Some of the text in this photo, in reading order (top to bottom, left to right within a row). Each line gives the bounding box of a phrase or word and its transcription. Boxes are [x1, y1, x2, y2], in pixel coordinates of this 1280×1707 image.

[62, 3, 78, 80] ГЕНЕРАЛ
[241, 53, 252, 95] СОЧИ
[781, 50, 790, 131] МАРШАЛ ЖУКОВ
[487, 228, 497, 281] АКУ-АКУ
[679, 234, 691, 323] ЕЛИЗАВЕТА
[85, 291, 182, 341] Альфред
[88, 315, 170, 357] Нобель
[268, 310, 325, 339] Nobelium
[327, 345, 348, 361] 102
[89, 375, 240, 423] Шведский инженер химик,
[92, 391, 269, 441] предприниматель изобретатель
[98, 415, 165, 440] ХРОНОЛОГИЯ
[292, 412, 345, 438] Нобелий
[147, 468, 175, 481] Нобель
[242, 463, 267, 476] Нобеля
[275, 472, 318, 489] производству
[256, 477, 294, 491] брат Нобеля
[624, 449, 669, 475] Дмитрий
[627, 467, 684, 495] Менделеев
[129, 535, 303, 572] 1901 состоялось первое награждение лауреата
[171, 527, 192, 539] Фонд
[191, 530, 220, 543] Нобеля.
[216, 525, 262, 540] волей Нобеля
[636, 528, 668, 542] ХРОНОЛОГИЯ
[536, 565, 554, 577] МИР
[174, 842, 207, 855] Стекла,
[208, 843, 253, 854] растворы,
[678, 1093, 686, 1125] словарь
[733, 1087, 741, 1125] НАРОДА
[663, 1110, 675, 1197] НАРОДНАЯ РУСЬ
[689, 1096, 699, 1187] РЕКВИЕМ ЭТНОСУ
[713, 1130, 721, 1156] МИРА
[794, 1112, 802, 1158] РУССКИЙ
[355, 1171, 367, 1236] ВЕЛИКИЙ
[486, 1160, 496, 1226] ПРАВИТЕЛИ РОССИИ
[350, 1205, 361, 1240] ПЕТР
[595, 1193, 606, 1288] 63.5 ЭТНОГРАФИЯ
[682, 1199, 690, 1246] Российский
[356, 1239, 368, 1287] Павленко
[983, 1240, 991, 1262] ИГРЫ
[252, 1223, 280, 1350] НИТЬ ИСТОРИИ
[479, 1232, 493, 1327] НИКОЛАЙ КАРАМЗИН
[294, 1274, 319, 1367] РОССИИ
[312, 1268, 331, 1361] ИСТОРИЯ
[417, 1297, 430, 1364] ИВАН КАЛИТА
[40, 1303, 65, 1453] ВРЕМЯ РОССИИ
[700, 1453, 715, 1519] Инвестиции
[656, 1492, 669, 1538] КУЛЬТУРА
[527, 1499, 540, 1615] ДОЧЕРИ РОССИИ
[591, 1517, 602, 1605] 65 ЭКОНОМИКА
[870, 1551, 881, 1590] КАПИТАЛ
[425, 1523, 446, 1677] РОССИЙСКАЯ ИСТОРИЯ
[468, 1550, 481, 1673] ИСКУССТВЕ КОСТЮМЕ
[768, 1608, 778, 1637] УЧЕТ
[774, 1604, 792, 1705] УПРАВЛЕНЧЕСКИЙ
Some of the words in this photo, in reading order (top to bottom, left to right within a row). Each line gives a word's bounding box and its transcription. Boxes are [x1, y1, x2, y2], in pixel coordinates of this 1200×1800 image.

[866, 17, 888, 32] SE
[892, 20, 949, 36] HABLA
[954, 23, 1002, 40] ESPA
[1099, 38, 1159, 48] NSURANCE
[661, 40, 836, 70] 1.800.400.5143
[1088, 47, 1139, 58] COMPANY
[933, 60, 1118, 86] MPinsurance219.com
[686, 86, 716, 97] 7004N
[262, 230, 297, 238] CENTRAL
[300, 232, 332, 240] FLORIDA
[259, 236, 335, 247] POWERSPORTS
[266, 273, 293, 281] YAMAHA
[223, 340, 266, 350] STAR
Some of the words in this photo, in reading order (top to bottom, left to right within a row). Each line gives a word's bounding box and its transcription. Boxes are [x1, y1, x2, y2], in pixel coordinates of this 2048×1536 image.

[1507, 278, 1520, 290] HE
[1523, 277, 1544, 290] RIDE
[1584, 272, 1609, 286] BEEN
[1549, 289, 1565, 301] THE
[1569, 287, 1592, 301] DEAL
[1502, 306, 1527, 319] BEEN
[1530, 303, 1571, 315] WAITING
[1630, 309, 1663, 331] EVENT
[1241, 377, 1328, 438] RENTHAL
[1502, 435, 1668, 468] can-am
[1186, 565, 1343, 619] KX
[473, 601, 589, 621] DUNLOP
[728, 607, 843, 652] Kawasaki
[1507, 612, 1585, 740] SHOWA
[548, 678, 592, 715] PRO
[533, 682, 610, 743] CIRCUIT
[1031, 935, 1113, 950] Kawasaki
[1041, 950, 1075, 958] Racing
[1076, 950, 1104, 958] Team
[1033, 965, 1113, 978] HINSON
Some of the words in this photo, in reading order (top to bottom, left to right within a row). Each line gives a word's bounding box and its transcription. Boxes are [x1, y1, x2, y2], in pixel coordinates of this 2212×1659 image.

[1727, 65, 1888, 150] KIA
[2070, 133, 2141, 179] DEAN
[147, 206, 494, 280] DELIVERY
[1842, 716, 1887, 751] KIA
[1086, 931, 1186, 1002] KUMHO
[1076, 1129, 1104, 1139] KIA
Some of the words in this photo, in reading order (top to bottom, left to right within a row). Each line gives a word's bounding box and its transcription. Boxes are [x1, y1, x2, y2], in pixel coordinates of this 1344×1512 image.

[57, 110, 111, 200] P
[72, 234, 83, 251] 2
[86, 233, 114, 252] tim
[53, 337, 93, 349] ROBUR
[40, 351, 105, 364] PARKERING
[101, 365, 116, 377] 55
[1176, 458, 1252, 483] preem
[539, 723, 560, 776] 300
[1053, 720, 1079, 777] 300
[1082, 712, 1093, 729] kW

____

Work to be completed: Repeat the data above. Change nothing.

Finished exercise:
Some of the text in this photo, in reading order (top to bottom, left to right within a row). Each line gives the bounding box of a phrase or word and its transcription. Boxes are [x1, y1, x2, y2], in pixel coordinates of this 1280×1707 image.

[62, 3, 78, 80] ГЕНЕРАЛ
[241, 53, 252, 95] СОЧИ
[781, 50, 790, 131] МАРШАЛ ЖУКОВ
[487, 228, 497, 281] АКУ-АКУ
[679, 234, 691, 323] ЕЛИЗАВЕТА
[85, 291, 182, 341] Альфред
[88, 315, 170, 357] Нобель
[268, 310, 325, 339] Nobelium
[327, 345, 348, 361] 102
[89, 375, 240, 423] Шведский инженер химик,
[92, 391, 269, 441] предприниматель изобретатель
[98, 415, 165, 440] ХРОНОЛОГИЯ
[292, 412, 345, 438] Нобелий
[147, 468, 175, 481] Нобель
[242, 463, 267, 476] Нобеля
[275, 472, 318, 489] производству
[256, 477, 294, 491] брат Нобеля
[624, 449, 669, 475] Дмитрий
[627, 467, 684, 495] Менделеев
[129, 535, 303, 572] 1901 состоялось первое награждение лауреата
[171, 527, 192, 539] Фонд
[191, 530, 220, 543] Нобеля.
[216, 525, 262, 540] волей Нобеля
[636, 528, 668, 542] ХРОНОЛОГИЯ
[536, 565, 554, 577] МИР
[174, 842, 207, 855] Стекла,
[208, 843, 253, 854] растворы,
[678, 1093, 686, 1125] словарь
[733, 1087, 741, 1125] НАРОДА
[663, 1110, 675, 1197] НАРОДНАЯ РУСЬ
[689, 1096, 699, 1187] РЕКВИЕМ ЭТНОСУ
[713, 1130, 721, 1156] МИРА
[794, 1112, 802, 1158] РУССКИЙ
[355, 1171, 367, 1236] ВЕЛИКИЙ
[486, 1160, 496, 1226] ПРАВИТЕЛИ РОССИИ
[350, 1205, 361, 1240] ПЕТР
[595, 1193, 606, 1288] 63.5 ЭТНОГРАФИЯ
[682, 1199, 690, 1246] Российский
[356, 1239, 368, 1287] Павленко
[983, 1240, 991, 1262] ИГРЫ
[252, 1223, 280, 1350] НИТЬ ИСТОРИИ
[479, 1232, 493, 1327] НИКОЛАЙ КАРАМЗИН
[294, 1274, 319, 1367] РОССИИ
[312, 1268, 331, 1361] ИСТОРИЯ
[417, 1297, 430, 1364] ИВАН КАЛИТА
[40, 1303, 65, 1453] ВРЕМЯ РОССИИ
[700, 1453, 715, 1519] Инвестиции
[656, 1492, 669, 1538] КУЛЬТУРА
[527, 1499, 540, 1615] ДОЧЕРИ РОССИИ
[591, 1517, 602, 1605] 65 ЭКОНОМИКА
[870, 1551, 881, 1590] КАПИТАЛ
[425, 1523, 446, 1677] РОССИЙСКАЯ ИСТОРИЯ
[468, 1550, 481, 1673] ИСКУССТВЕ КОСТЮМЕ
[768, 1608, 778, 1637] УЧЕТ
[774, 1604, 792, 1705] УПРАВЛЕНЧЕСКИЙ
Some of the words in this photo, in reading order (top to bottom, left to right within a row). Each line gives a word's bounding box and its transcription. Boxes are [x1, y1, x2, y2], in pixel coordinates of this 1200×1800 image.

[866, 17, 888, 32] SE
[892, 20, 949, 36] HABLA
[954, 23, 1002, 40] ESPA
[1099, 38, 1159, 48] NSURANCE
[661, 40, 836, 70] 1.800.400.5143
[1088, 47, 1139, 58] COMPANY
[933, 60, 1118, 86] MPinsurance219.com
[686, 86, 716, 97] 7004N
[262, 230, 297, 238] CENTRAL
[300, 232, 332, 240] FLORIDA
[259, 236, 335, 247] POWERSPORTS
[266, 273, 293, 281] YAMAHA
[223, 340, 266, 350] STAR
Some of the words in this photo, in reading order (top to bottom, left to right within a row). Each line gives a word's bounding box and its transcription. Boxes are [x1, y1, x2, y2], in pixel coordinates of this 2048×1536 image.

[1507, 278, 1520, 290] HE
[1523, 277, 1544, 290] RIDE
[1584, 272, 1609, 286] BEEN
[1549, 289, 1565, 301] THE
[1569, 287, 1592, 301] DEAL
[1502, 306, 1527, 319] BEEN
[1530, 303, 1571, 315] WAITING
[1630, 309, 1663, 331] EVENT
[1241, 377, 1328, 438] RENTHAL
[1502, 435, 1668, 468] can-am
[1186, 565, 1343, 619] KX
[473, 601, 589, 621] DUNLOP
[728, 607, 843, 652] Kawasaki
[1507, 612, 1585, 740] SHOWA
[548, 678, 592, 715] PRO
[533, 682, 610, 743] CIRCUIT
[1031, 935, 1113, 950] Kawasaki
[1041, 950, 1075, 958] Racing
[1076, 950, 1104, 958] Team
[1033, 965, 1113, 978] HINSON
Some of the words in this photo, in reading order (top to bottom, left to right within a row). Each line gives a word's bounding box and its transcription. Boxes are [x1, y1, x2, y2], in pixel coordinates of this 2212×1659 image.

[1727, 65, 1888, 150] KIA
[2070, 133, 2141, 179] DEAN
[147, 206, 494, 280] DELIVERY
[1842, 716, 1887, 751] KIA
[1086, 931, 1186, 1002] KUMHO
[1076, 1129, 1104, 1139] KIA
Some of the words in this photo, in reading order (top to bottom, left to right within a row). Each line gives a word's bounding box and its transcription. Boxes are [x1, y1, x2, y2], in pixel coordinates of this 1344×1512 image.

[57, 110, 111, 200] P
[72, 234, 83, 251] 2
[86, 233, 114, 252] tim
[53, 337, 93, 349] ROBUR
[40, 351, 105, 364] PARKERING
[101, 365, 116, 377] 55
[1176, 458, 1252, 483] preem
[539, 723, 560, 776] 300
[1053, 720, 1079, 777] 300
[1082, 712, 1093, 729] kW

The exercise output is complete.